THIRD DIVISION

(Supplemental)




PARTIES TO DISPUTE:
BROTHERHOOD OF RAILROAD SIGNALMEN OF AMERICA
WABASH RAILROAD COMPANY

STATEMENT OF CLAIM: Claim of the General Committee of the Brotherhood of Railroad Signalmen of America on the Wabash Railroad Company in behalf of C. W. Shank, Signal Maintainer, at Peru, Ind., for two hours at overtime rate of August 22, 1955, and a call for two hours and forty minutes at overtime rate on August 23, 1955, for Scope work improperly performed Signal Supervisor D. 0. Ritchie on August 22, 1955, and Track Supervisor J. Nipple on August 23, 1955. [Carrier's File 116.5, 123.27.11


EMPLOYES' STATEMENT OF FACTS: Signal Maintainer Shank, located at Peru, Ind., submitted a claim for time slips rejected by the Carrier for August 22 and August 23, 1955, to General Chairman Markley for further handling in line with the agreements applicable and in effect on the property.

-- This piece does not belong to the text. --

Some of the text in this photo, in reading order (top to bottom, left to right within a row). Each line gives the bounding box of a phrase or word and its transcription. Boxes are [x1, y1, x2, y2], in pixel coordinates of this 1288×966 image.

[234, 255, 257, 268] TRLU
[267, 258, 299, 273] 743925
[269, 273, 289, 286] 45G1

Under date of October 12, 1955, General Chairman Markley wrote to G. A. Rodger, Supt. Signals and Communications, Decatur, Ill., and requested that claims for C. W. Shank be allowed.

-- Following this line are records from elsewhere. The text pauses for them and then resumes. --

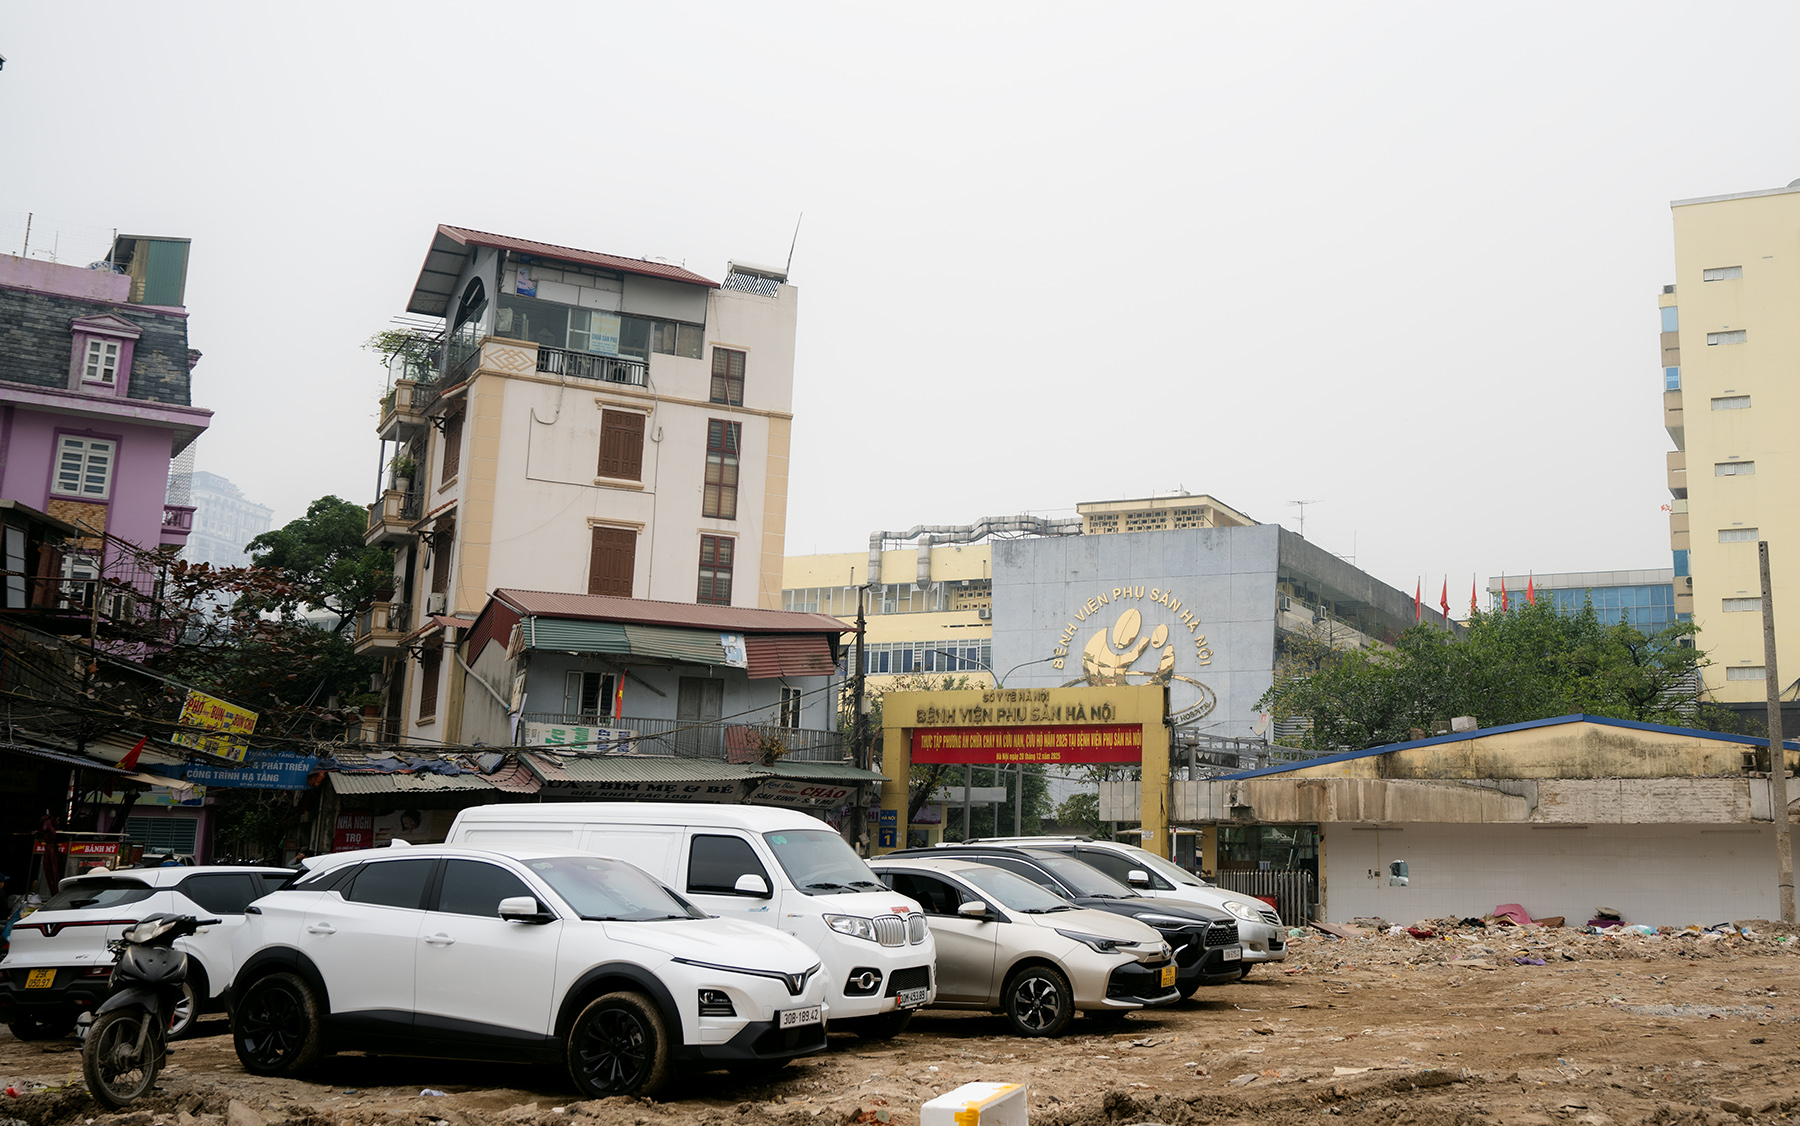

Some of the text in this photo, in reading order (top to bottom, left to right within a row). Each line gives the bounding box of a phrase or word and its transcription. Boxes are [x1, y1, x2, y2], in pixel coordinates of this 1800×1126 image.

[1053, 586, 1214, 670] BỆNH VIỆN PHỤ SẢN HÀ NỘI
[997, 692, 1003, 702] Y
[1034, 689, 1050, 703] NỘI
[916, 701, 1116, 725] BỆNH VIỆN PHỤ SẢN HÀ NỘI
[1180, 701, 1213, 723] HOSPITAL
[545, 728, 566, 744] Trà
[921, 733, 933, 751] THỰC
[934, 732, 942, 751] TẬP
[943, 733, 961, 749] PHƯƠNG
[962, 732, 969, 748] ÁN
[970, 732, 982, 748] CHỮA
[983, 731, 995, 748] CHÁY
[996, 731, 1002, 748] VÀ
[1036, 731, 1043, 751] HỘ
[1044, 731, 1055, 748] NĂM
[1056, 733, 1068, 748] 2025
[1077, 730, 1090, 750] BỆNH
[1091, 730, 1102, 750] VIỆN
[1103, 732, 1113, 750] PHỤ
[1114, 728, 1124, 747] SẢN
[1125, 729, 1132, 747] HÀ
[1133, 729, 1142, 749] NỘI
[1010, 752, 1019, 761] ngày
[1025, 752, 1036, 761] tháng
[1037, 752, 1041, 760] 12
[1042, 752, 1050, 760] năm
[1051, 752, 1061, 760] 2025
[262, 760, 284, 771] PHÁT
[285, 760, 309, 771] TRIỂN
[187, 767, 280, 782] CÔNG TRÌNH HẠ TẦNG
[683, 785, 701, 793] &
[706, 784, 733, 793] BÉ
[765, 780, 781, 789] Hoa
[800, 787, 848, 799] CHÁO
[345, 833, 362, 845] TRỌ
[884, 834, 890, 846] 1
[84, 844, 105, 853] BÁNH
[783, 1008, 819, 1026] 30B-189.42

Under date of December 17, 1955, General Chairman Markley again wrote Supt. Signals and Communications Rodger and stated that since his letter of claim dated October 12, 1955, had not been answered, the payment of the claim in full was required as the sixty-day time limit had expired as provided for in the National Agreement, Article 5, paragraph (a), signed at Chicago, Ill., dated August 21, 1954.

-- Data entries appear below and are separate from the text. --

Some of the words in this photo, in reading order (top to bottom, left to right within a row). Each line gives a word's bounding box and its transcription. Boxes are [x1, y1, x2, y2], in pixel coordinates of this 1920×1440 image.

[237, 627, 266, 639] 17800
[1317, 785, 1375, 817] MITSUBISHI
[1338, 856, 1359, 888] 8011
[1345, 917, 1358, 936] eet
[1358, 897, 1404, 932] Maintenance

Under date of December 22, 1955, G. A. Rodger wrote M. G. Markley and stated that he had answered Markley's letter of October 12, 1955, and enclosed a duplicated copy of a letter supposedly written and dated November 15, 1955, in which he denied the claims for Maintainer Shank.


Markley then progressed the claims through the highest officer of the Carrier and could reach no satisfactory settlement on the property.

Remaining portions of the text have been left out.